• Task objective:
Everything from the line containing "Some of the words" through the final line of the records must be transcribed verbatim; nothing else belongs in the result.

• Dataset records:
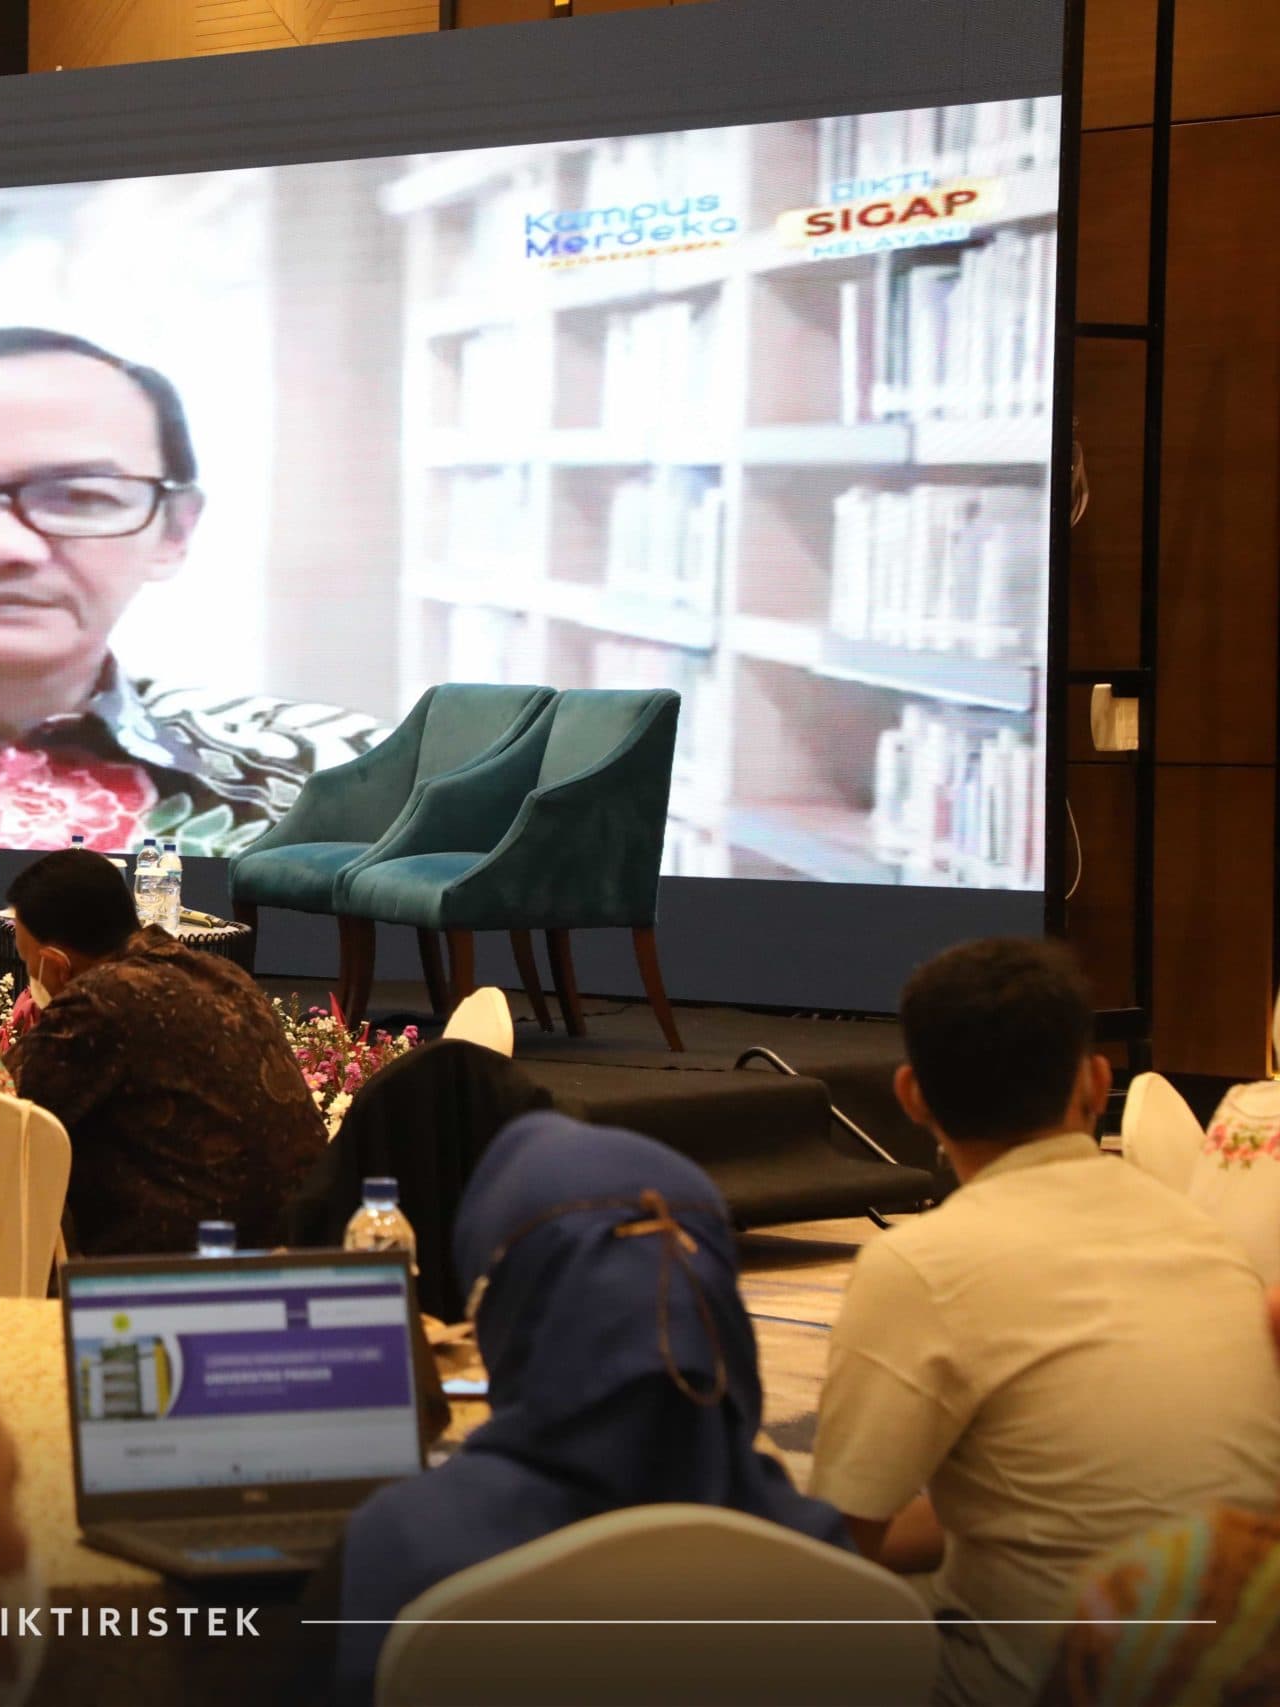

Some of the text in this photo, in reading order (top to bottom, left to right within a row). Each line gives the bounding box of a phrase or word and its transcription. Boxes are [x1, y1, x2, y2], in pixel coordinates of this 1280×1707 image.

[525, 194, 721, 235] Kampus
[805, 190, 978, 236] SIGAP
[526, 217, 738, 258] Merdeka
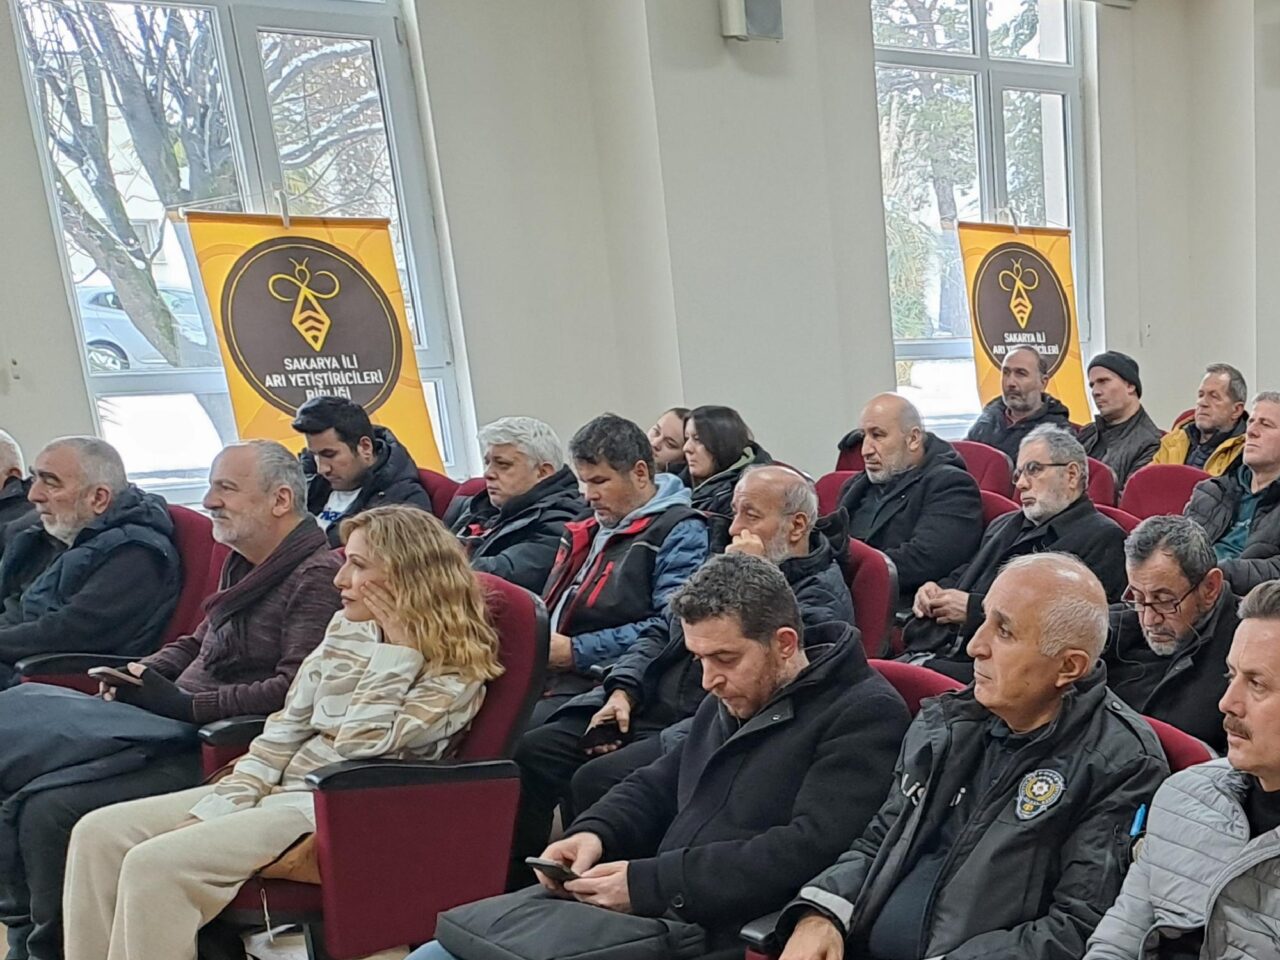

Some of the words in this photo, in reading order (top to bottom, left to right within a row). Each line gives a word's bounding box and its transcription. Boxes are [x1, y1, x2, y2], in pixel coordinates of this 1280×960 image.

[1004, 333, 1035, 343] SAKARYA
[1036, 332, 1046, 343] İLİ
[993, 345, 1005, 355] ARI
[283, 356, 340, 370] SAKARYA
[341, 353, 359, 369] İLİ
[265, 374, 287, 388] ARI
[288, 369, 384, 389] YETİŞTİRİCİLERİ

• Answer section:
Some of the words in this photo, in reading order (top to bottom, left to right within a row). Each line gives a word's bounding box and its transcription. Boxes are [x1, y1, x2, y2], in pixel coordinates of this 1280×960 image.

[1004, 333, 1035, 343] SAKARYA
[1036, 332, 1046, 343] İLİ
[993, 345, 1005, 355] ARI
[283, 356, 340, 370] SAKARYA
[341, 353, 359, 369] İLİ
[265, 374, 287, 388] ARI
[288, 369, 384, 389] YETİŞTİRİCİLERİ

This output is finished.